The Mortifications (16 page)

Read The Mortifications Online

Authors: Derek Palacio

He asked Inez, Do you know for sure that your ex-husband has children?

No.

Then how can you be so certain he's happy? That he has a growing family?

Inez shrugged.

The longer you stay away, he said, the larger his family grows.

Don't preach to me about going home, she said. Your sister is still missing, and here you are in Havana, sleeping with a hooker.

I leave tomorrow afternoon, he said.

Inez faced the window. Most likely sooner, she said. The wind is picking up.

Ulises looked out the glass and saw a clothesline across the street struggling to remain attached to a wrought-iron balcony. Two dresses hung from the rope, and as Ulises watched the line swing in the intermittent gusts of wind, one of the dresses was blown away. Then the line snapped altogether, and it began to rain.

Are you going to stay in the city? Ulises asked.

Yes, Inez said. I doubt they'll evacuate us now. It's too late.

The windowpanes shook against the moving air outside, which seemed to be gathering strength, but then it stopped, and even the rain ceased.

There will be sirens in a moment, Inez said.

Is it that close? Ulises asked.

No, they just mean to turn on your radio.

There was a small radio on the bedside table, and before Inez reached it, Ulises could hear the sirens calling, a series of long, low wails. Inez tuned the dial, but all Ulises heard was static. They waited a minute, and then the static was cut off by an echoing voice. The voice said that local brigades were preparing for evacuation and that people should make their way along designated evacuation routes to designated evacuation sites. The city would flood, but there was time to safely and methodically exit. But first prepare yourselves. Do not forget water bottles, and pack extra medicine of any sort if you have it. There will be food and cots. There will be heat if it gets cold. The inhabitants of Havana will be cared for. Wait for further instructions.
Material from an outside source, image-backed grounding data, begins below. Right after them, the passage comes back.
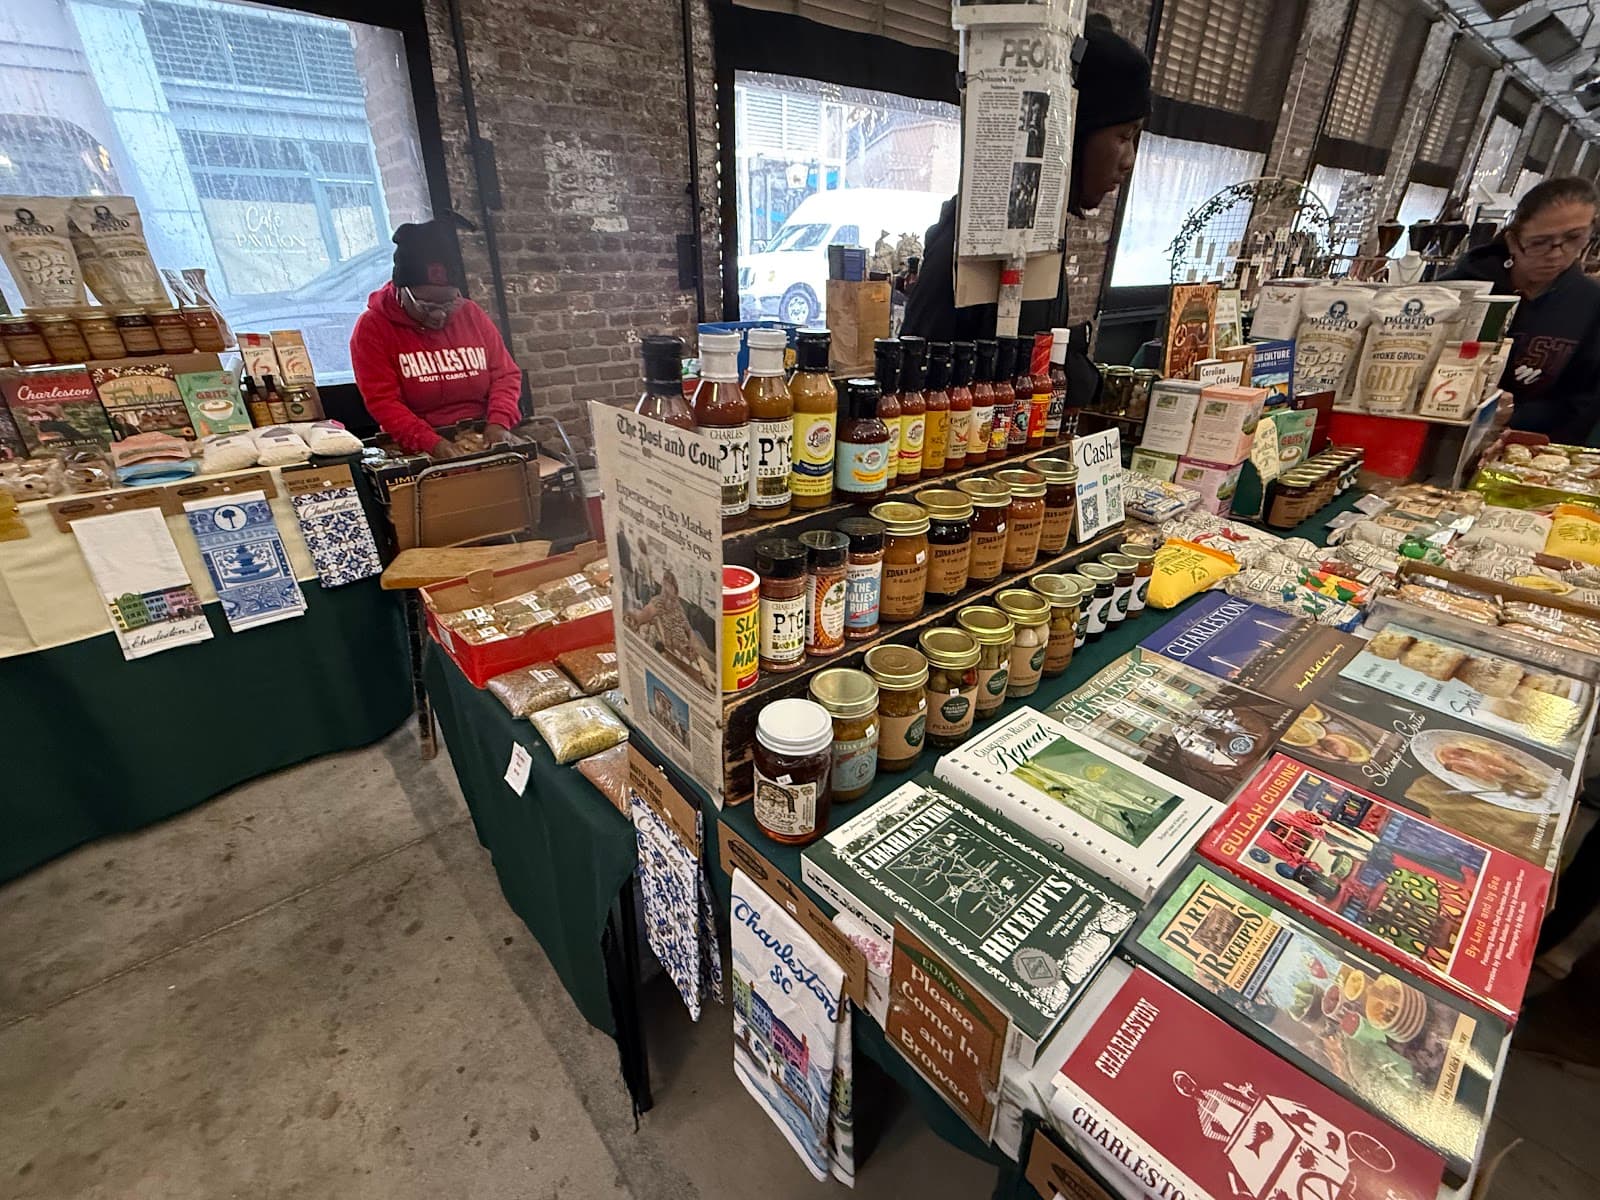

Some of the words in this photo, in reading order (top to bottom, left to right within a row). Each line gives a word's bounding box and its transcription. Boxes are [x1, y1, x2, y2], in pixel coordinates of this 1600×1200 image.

[235, 231, 308, 250] PAVILION
[1310, 317, 1358, 330] PALMETTO
[1383, 316, 1436, 326] PALMETTO
[1201, 366, 1226, 377] Carolina
[1264, 348, 1291, 360] CULTURE
[17, 386, 93, 402] Charleston
[196, 389, 229, 399] GRITS
[1215, 375, 1240, 385] Cooking
[616, 413, 637, 440] The
[638, 420, 662, 449] Post
[664, 431, 685, 458] and
[1083, 436, 1114, 467] Cash
[303, 500, 359, 519] Charleston
[853, 582, 871, 592] THE
[850, 602, 869, 612] RUB
[1165, 600, 1250, 657] CHARLESTON
[1055, 701, 1077, 713] The
[1072, 681, 1100, 703] Grand
[1062, 661, 1163, 730] CHARLESTON
[973, 733, 1012, 758] CHARLESTON
[1008, 716, 1037, 738] RECEIPTS
[1361, 750, 1413, 787] Shrimp
[1392, 711, 1426, 738] Grits
[1220, 802, 1268, 856] GULLAH
[1260, 762, 1300, 805] CUISINE
[637, 815, 692, 888] Charleston
[860, 802, 954, 870] CHARLESTON
[1484, 891, 1495, 905] by
[1487, 874, 1501, 893] Sea
[979, 874, 1073, 964] RECEIPTS
[1046, 920, 1064, 938] Serving
[1064, 891, 1090, 916] Lowcountry
[1065, 917, 1079, 931] Over
[1078, 902, 1092, 916] Years
[1164, 883, 1236, 960] PARTY
[1480, 902, 1493, 920] and
[1200, 905, 1264, 980] RECEIPTS
[1470, 918, 1486, 945] Land
[733, 894, 838, 1023] Charleston
[1233, 956, 1258, 989] CHARLESTON
[1255, 940, 1269, 962] JUNIOR
[1265, 925, 1279, 942] LEAGUE
[1464, 944, 1481, 959] By
[769, 964, 793, 995] SC
[921, 957, 966, 1001] EDNA'S
[911, 964, 975, 1034] Please
[902, 980, 954, 1038] Come
[959, 1035, 980, 1066] In
[1095, 996, 1159, 1080] CHARLESTON
[919, 1027, 954, 1065] and
[901, 1027, 970, 1105] Browse
Who's speaking? Ulises asked.

That's Castro, Inez said. If we had a television, we could watch him predict the pattern of the storm. He likes talking in front of maps. He refers to hurricanes as a bad bit of weather.
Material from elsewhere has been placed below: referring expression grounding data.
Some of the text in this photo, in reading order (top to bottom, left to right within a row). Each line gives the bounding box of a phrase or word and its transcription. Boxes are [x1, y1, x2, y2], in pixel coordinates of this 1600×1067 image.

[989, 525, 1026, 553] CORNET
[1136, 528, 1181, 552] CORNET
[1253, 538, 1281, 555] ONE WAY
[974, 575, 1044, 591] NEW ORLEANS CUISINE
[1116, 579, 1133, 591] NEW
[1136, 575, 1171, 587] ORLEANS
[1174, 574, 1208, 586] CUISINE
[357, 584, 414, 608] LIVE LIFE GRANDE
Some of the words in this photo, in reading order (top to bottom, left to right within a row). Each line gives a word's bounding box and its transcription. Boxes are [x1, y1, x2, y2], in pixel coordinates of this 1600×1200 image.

You seem to treat it as such, Ulises said.

Inez looked at him and said, I should go. I have to get food and water before the flooding starts.

How long do you think the city will be underwater? he asked.

Three days. It should be two, but the city sewers are old and drain slowly.

You'll be alone for three days in an apartment, Ulises said. I'd get lonely, or claustrophobic, if I had to stay inside for that long.

Ulises got out of bed and put on his pants, but when Inez said she did not need him to walk her out, he left his shirt on the floor. Moving around the room, he felt very hot, and when Inez touched him before leaving, she said, You're badly sunburned. You should cover your head in damp towels. It's going to hurt tomorrow. Your skin feels about to burst.

Ulises touched his scalp and winced. The skin had tightened, and he could feel the same effect on the back of his neck.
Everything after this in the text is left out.